Congenital Heart Defects

Overview and early presentation

Congenital heart defects/diseases (CHD) are common, occurring in about one in 100 newborns. Many types of CHD require prompt diagnosis and care, both medical and surgical, to improve survival and health. In some of the milder cases, CHD might resolve on its own (e.g. small ventricular septal defects) or require only regular
follow-up. At the other extreme are the critical CHDs, a heterogeneous group of structural heart anomalies that have in common the fact that, if undiagnosed and untreated, they can lead to a baby becoming very sick and dying in the newborn period.

Critical CHDs (CCHDs) include conditions such as hypoplastic left heart syndrome, in which the abnormally small left ventricle cannot support systemic circulation, leading to shock; and conditions such as tetralogy of Fallot or pulmonary atresia, which tend to cause visible cyanosis (bluish tinge on skin, especially notable in the fingers, toes, lips and nose). At times, newborns with CCHD can present a combination of cyanosis and heart failure or shock.

Prompt diagnosis is crucial, but can be challenging. A diagnosis of CCHD can be suspected in a newborn but requires the clinician to have a high level of suspicion, as the findings – often a sick infant getting worse – mimic other common conditions of the newborn, such as infection (e.g. sepsis) or lung disease (e.g. pneumonia).

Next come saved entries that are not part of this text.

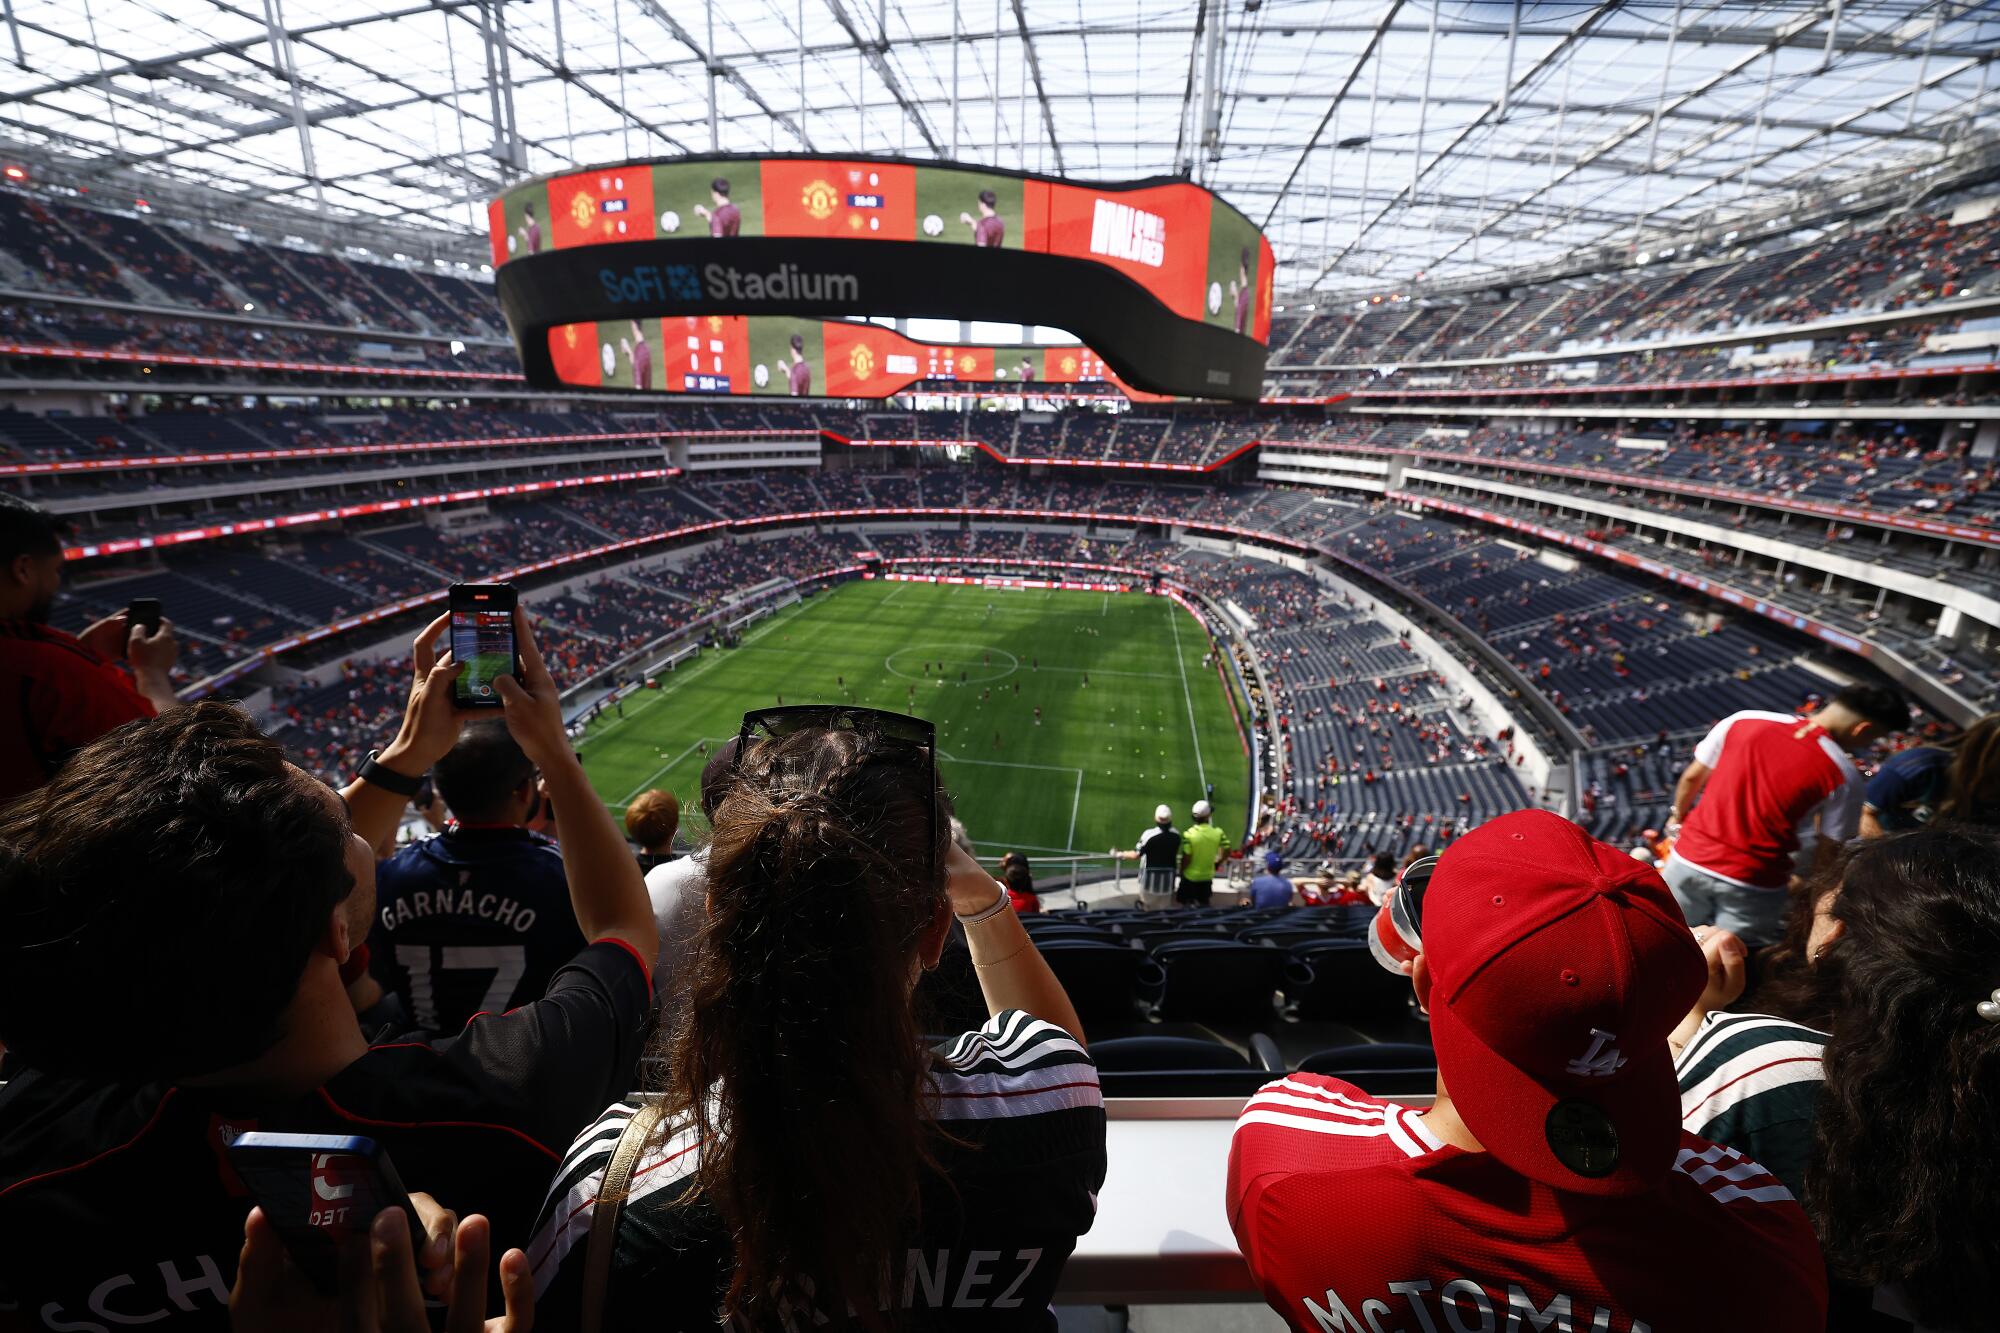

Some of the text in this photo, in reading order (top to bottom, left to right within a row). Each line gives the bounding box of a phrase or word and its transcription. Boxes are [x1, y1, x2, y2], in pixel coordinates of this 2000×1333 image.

[598, 263, 859, 304] SoFi Stadium
[381, 889, 537, 933] GARNACHO
[395, 945, 527, 1031] 17
[1566, 1028, 1629, 1077] LA
[40, 1254, 231, 1333] SCH
[885, 1248, 1043, 1310] NEZ
[1302, 1279, 1654, 1333] McTOM

Some clinical clues can help:
  • Often the baby appears fairly normal at birth, but gets worse in the next 24–72 hours, as the ductus arteriosus (a fetal structure that helps blood move between aorta and pulmonary artery) closes. An open ductus can help compensate some of the abnormal physiology in CCHD, and when it closes, the baby might decompensate quickly. This timing unfortunately means that in some cases an undiagnosed baby with a CCHD is discharged home, and may get very sick at home, without ready access to hospital care.
  • In many types of CCHD, the blood oxygen saturation is low. When it is low enough, cyanosis appears. A pulse oximeter, a simple non-invasive instrument available in many nurseries, can measure oxygen saturation quickly and identify low levels even before cyanosis appears. A low oxygen saturation is seen in other
    conditions such as lung disease, but typically in CCHD, giving oxygen to the baby does not significantly improve the saturation (whereas it will in many cases of lung disease). Pulse oximetry is used in many places to perform newborn screening for CCHD; a specific protocol has to be used for best results.
  • Auscultation is helpful. Many types of CCHD produce murmurs, but a murmur can be absent in some very severe CHDs, so the absence of a murmur does not exclude that the child has a CCHD.
  • Palpation of peripheral pulses – including in the groin and feet – can provide clues to a diagnosis of coarctation of the aorta, in which pulses in the arms are palpable but those in the groin or feet (pedal pulses) are not.
  • In general, the first diagnostic tool is clinician suspicion. Consider the possibility of critical CHDs in every sick newborn. All four pulses may be weak or absent in conditions where cardiac output is low, as can occur, for example, with hypoplastic left heart syndrome.

Babies suspected of having a clinically significant CHD in the newborn period require urgent follow-up with a clinician familiar with CHDs, ideally a paediatric cardiologist aided by appropriate imaging, typically an echocardiogram. In expert hands, an echocardiogram can quickly exclude a major CHD or provide a firm specific diagnosis. Such a diagnosis is extremely helpful for planning the care of the baby.